A suicide bomber killed 29 people near a polling centre as Pakistanis voted yesterday in a knife-edge general election pitting cricket hero Imran Khan against the party of jailed former prime minister Nawaz Sharif.
The Islamic State (IS) militant group claimed responsibility for the attack in the western city of Quetta, where security sources said the bomber drove his motorcycle into a police vehicle.
A hospital spokesperson said 29 people were killed and 35 others were wounded in the attack that a witness said occurred near a voting centre in the city, which is the capital of Baluchistan province.
A suicide bomber killed 149 people at an election rally in the town of Mastung in Baluchistan province earlier this month. That attack was also claimed by IS militants.
About 371000 soldiers have been stationed at polling stations across the country to prevent attacks, nearly five times the number deployed at the last election in 2013.
According to the latest opinion polls, neither Khan nor Sharif are likely to win a clear majority.
Khan has emerged as a slight favourite in national opinion polls but the divisive race is likely to come down to Punjab, the country’s most populous province, where Sharif’s party has clung to its lead in recent surveys.
The election has been plagued by allegations of powerful armed forces trying to tilt the race in Khan’s favour after falling out with the outgoing ruling party of Sharif, who was jailed on corruption charges this month.
“Imran Khan is the only hope to change destiny of our country. We are here to support him in his fight against corruption,” said Tufail Aziz, 31, after casting his ballot in the north-western city of Peshawar.
About 106 million people were registered to vote in polls due to close at 6pm. The likely winner was expected to be known this morning.
Whichever party wins, it would face a mounting and urgent in-tray, from a brewing economic crisis to worsening relations with on-off ally the US and deepening cross-country water shortages.

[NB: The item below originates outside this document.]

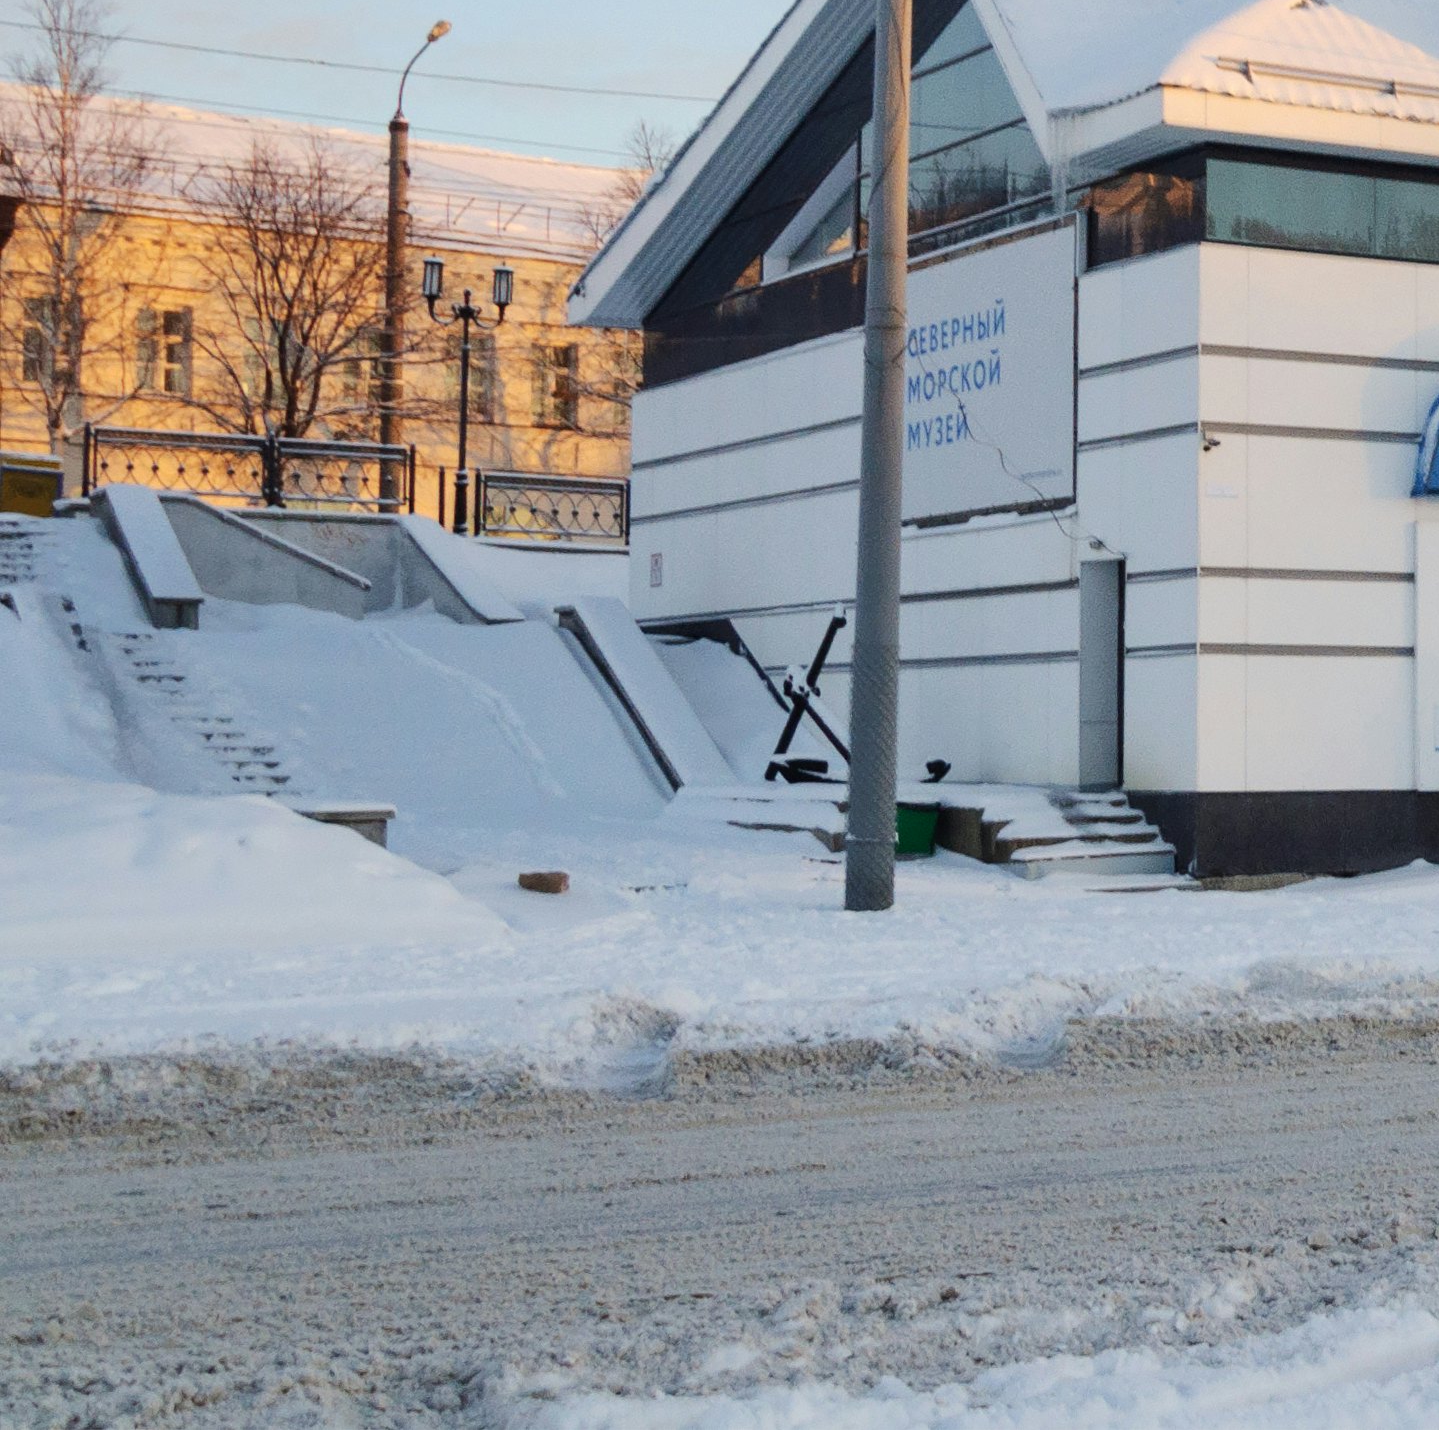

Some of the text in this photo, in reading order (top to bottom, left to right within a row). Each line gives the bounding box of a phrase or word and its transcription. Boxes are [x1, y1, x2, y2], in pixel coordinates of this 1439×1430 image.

[907, 298, 1005, 357] СЕВЕРНЫЙ
[908, 348, 1000, 403] МОРСКОЙ
[908, 404, 968, 450] МУЗЕЙ

Khan, an anti-corruption crusader, has promised an “Islamic welfare state” and cast his populist campaign as a battle to topple a predatory political elite hindering development in the impoverished mostly-Muslim nation of 208 million people, where the illiteracy rate hovers above 40%.
“This is the most important election in Pakistan’s history,” Khan, 65, said after casting his vote in the capital Islamabad.
“I ask everyone today to cherish this country, worry about this country, use your vote.”
Khan has staunchly denied allegations by Sharif’s Pakistan Muslim League-Nawaz (PML-N) party that he is getting help from the military, which has ruled Pakistan for about half of its history and still sets key security and foreign policy in the nuclear-armed nation. The army has also dismissed allegations of meddling in the election.
Khan’s Pakistan Tehreek-e-Insaf (PTI) party has inched ahead in recent national polls, but even if it gets the most votes, it will likely struggle to win a majority of the 272 elected seats in the National Assembly, raising the prospect of weeks of haggling to form a messy coalition government. Such a delay could further endanger Pakistan’s economy, with a looming currency crisis expected to force the new government to turn to the International Monetary Fund for Pakistan’s second bailout since 2013. PTI has not ruled out seeking succour from China, Islamabad’s closest ally.
Sharif’s PML-N has sought to turn the vote into a referendum on Pakistan’s democracy, and has said it was campaigning to protect the “sanctity of the vote”.
The Pakistan Peoples Party, which was overtaken by Khan’s PTI as the main challenger to PML-N, but seen as the kingmaker, also alleged intimidation by spy agencies.
Sharif’s PML-N has been touting its delivery of mega-infrastructure projects, especially roads and power stations, that helped hugely reduce power blackouts, as proof the country is on the path to prosperity.
The election will be only the second civilian transfer of power in Pakistan’s history.